Ricettario

© Ma Bohème

Sorseggio il mio caffè in un bar del centro. Lentamente, i pensieri altrove. Distratta, guardo la pioggerella che, in questi primi giorni di settembre, sta finalmente regalando un po’ di fresco.

Due chiacchiere con Nando, da anni nel locale, ragazzo molto socievole e perspicace. Chissà quante storie potrebbe raccontare, vissute dal suo punto di osservazione privilegiato: il bancone frappone distanza e crea le condizioni per una visione oggettiva. Volti di un unico passaggio o presenze quotidiane e regolari, parole asettiche di avventori occasionali o confidenze di habitués, incontri amichevoli o discussioni eccessivamente animate. Il bar è un microcosmo, a pensarci bene, una società in miniatura.

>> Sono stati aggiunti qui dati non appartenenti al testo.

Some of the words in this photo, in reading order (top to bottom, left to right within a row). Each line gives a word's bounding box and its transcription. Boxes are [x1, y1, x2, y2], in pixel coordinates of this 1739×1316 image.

Parliamo del più e del meno, Nando ed io, dialoghi rapidi su argomenti generici. Non mi soffermo mai troppo in un caffè, anche se spesso mi siedo al tavolino.

Entra un ragazzo. Sulla trentina, elegante, belloccio e ho l’impressione che sappia di esserlo. Voce calda ma non cortese.

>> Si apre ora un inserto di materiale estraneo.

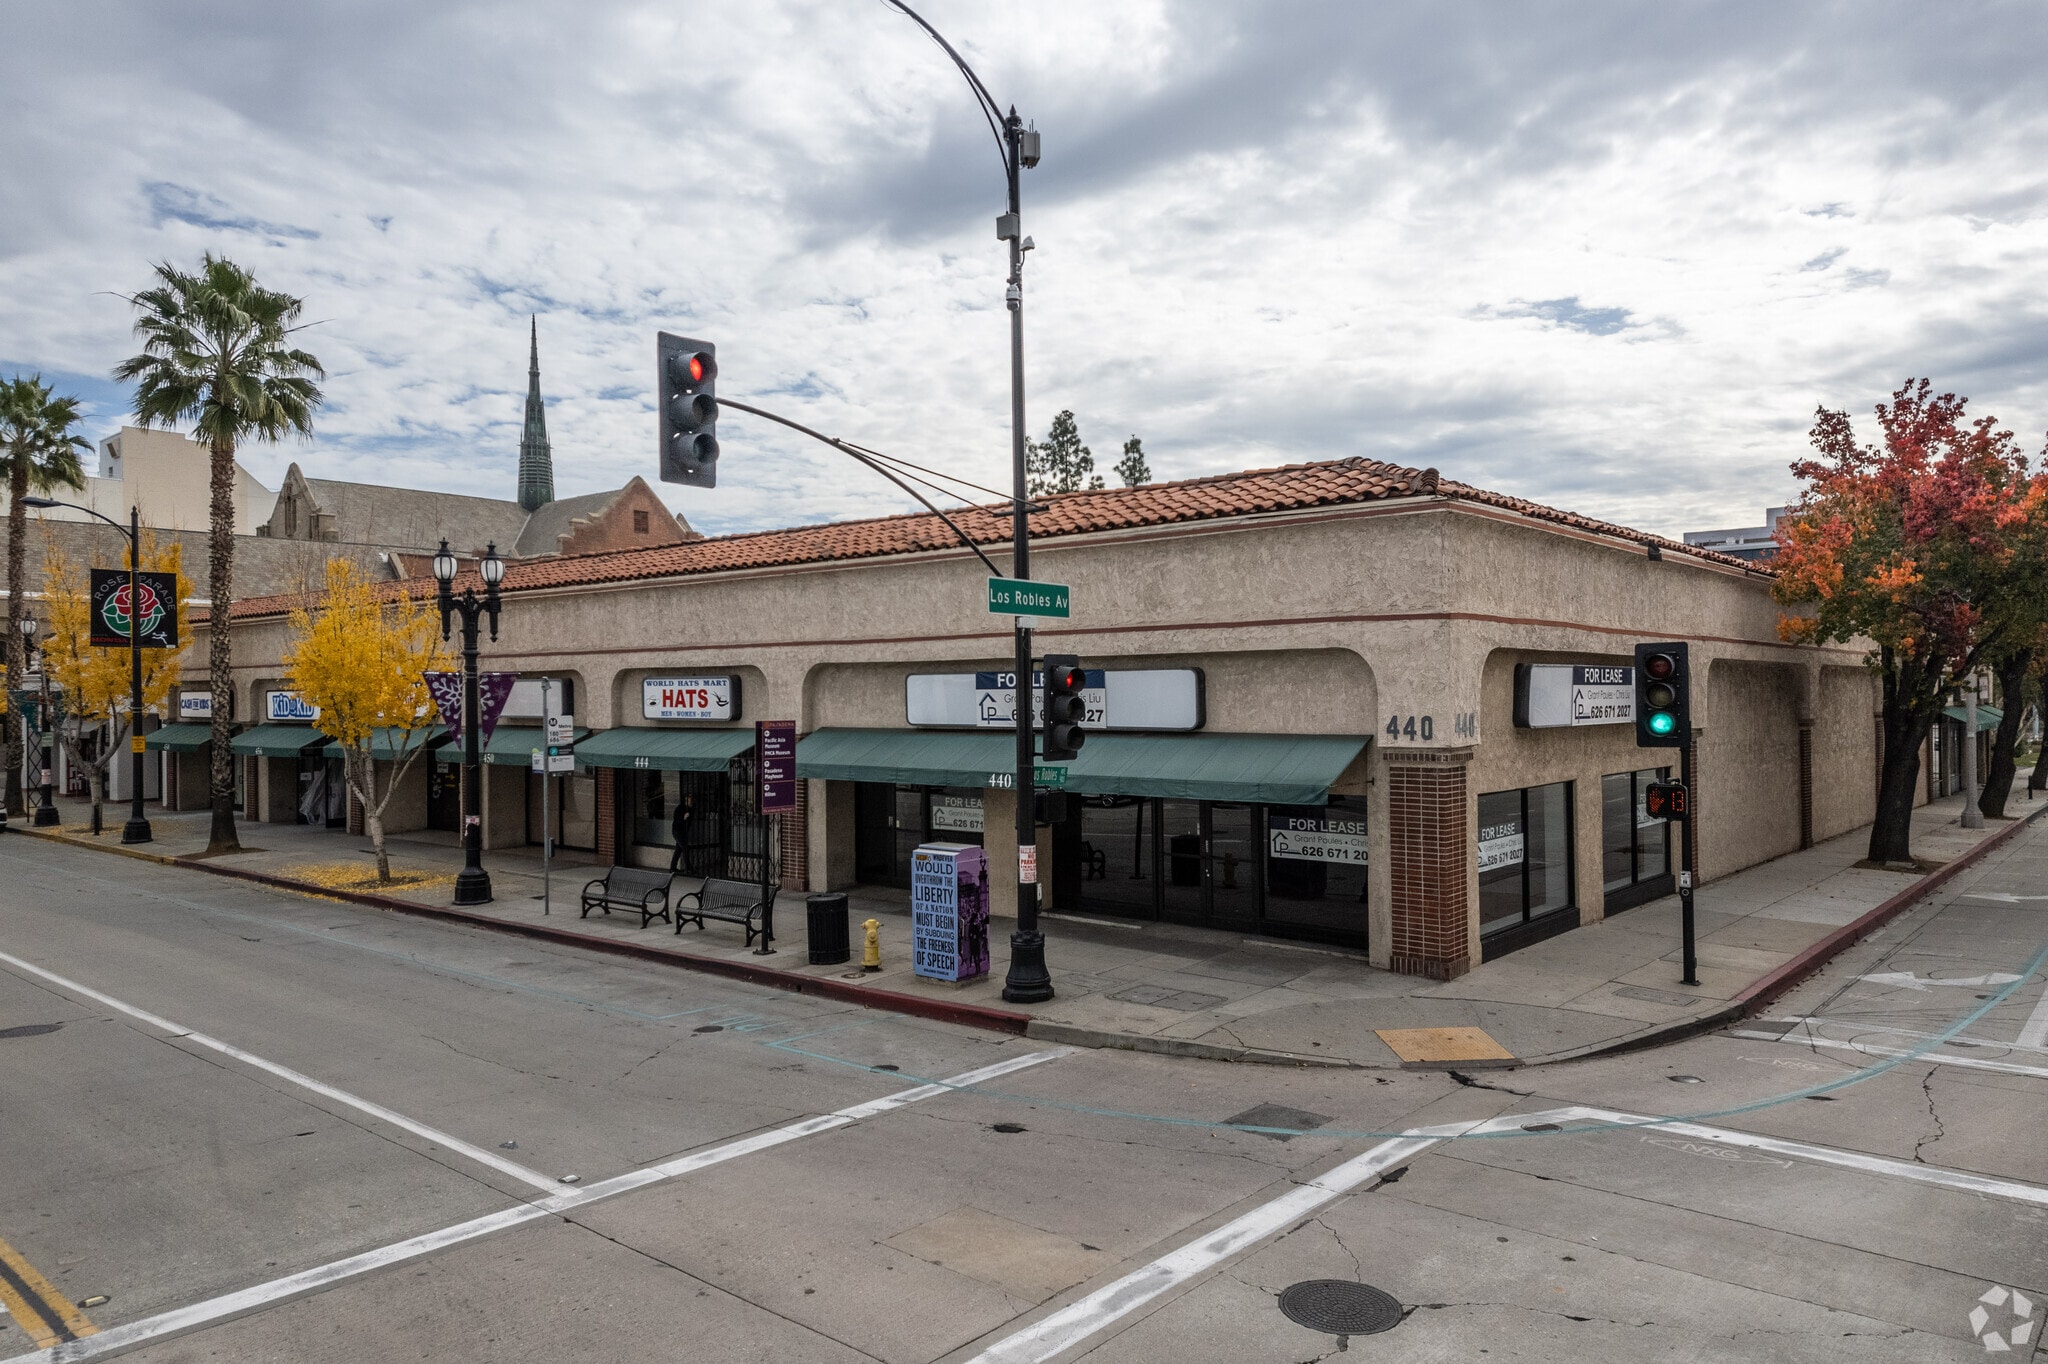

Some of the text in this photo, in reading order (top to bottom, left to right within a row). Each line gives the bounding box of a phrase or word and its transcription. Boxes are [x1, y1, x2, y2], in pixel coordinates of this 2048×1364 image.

[94, 575, 176, 611] ROSE PARADE
[990, 588, 1068, 608] Los Robles Av
[997, 673, 1016, 687] FO
[1584, 668, 1623, 683] FOR LEASE
[181, 699, 192, 709] CASH
[662, 689, 709, 709] HATS
[1089, 693, 1101, 703] Liu
[1591, 705, 1631, 719] 626 671 2027
[1386, 715, 1433, 741] 440
[1455, 713, 1475, 738] 440
[484, 754, 495, 763] 450
[634, 757, 649, 768] 444
[988, 774, 1012, 788] 440
[945, 797, 983, 808] FOR LEA
[1671, 791, 1685, 812] 13
[953, 819, 984, 830] 626 671
[1289, 819, 1366, 834] FOR LEASE
[1481, 823, 1515, 840] FOR LEASE
[1294, 834, 1317, 844] Grant
[1318, 836, 1343, 845] Paules
[1301, 846, 1368, 861] 626 671 20
[1499, 851, 1508, 863] 671
[1510, 848, 1523, 860] 2027
[915, 861, 954, 875] WOULD
[915, 873, 953, 888] OVERTHROW THE
[915, 885, 954, 905] LIBERTY
[915, 902, 924, 911] OF
[930, 904, 954, 915] NATION
[916, 912, 955, 930] MUST BEGIN
[916, 927, 955, 940] BY SUBDUING
[916, 937, 955, 954] THE FREENESS
[916, 951, 955, 971] OF SPEECH
[1681, 1143, 1741, 1159] NXG

«Buongiorno, un cappuccino e una brioche.»
«Cappuccino ben caldo o tiepido?»
«Ben caldo, ovvio, con questo freddino!»

Se lo scopo era di apparire simpatico, la missione è fallita. Nando rimane professionalmente imperturbabile.

«E la brioche, come la desidera?»

I cabaret vengono ispezionati in silenzio. In bella mostra, pasticcini e dolci vari protetti dal lungo parafiato.

«Allora… l’abbiamo vuota, alla crema, al cioccolato, alla marmellata, ai frutti di bosco. Ah, di solito teniamo anche quella integrale al miele, ma oggi sono rimaste queste.»
«Magari con granella alle mandorle? Peccato… Vediamo… mmm… non me ne piace nessuna…»

Sto uscendo. Riesco tuttavia a captare il resto della conversazione: la replica spiritosa di Nando di cui immagino la mimica ironica – e non avevo dubbi

«Be’, magari ha suggerimenti per la prossima volta…»

e la risposta laconica per gentil concessione

«Massì, mi dia quella vuota…»

Chiudo la porta e sorrido. Il siparietto mi ricorda una pubblicità di Carosello degli anni ’70, che forse i più giovani non conosceranno nemmeno, uno sketch con il grande Giampiero Albertini come protagonista, sostituito più tardi da Adolfo Celi. Per la mia generazione, il famoso Ma lei è incontentabile!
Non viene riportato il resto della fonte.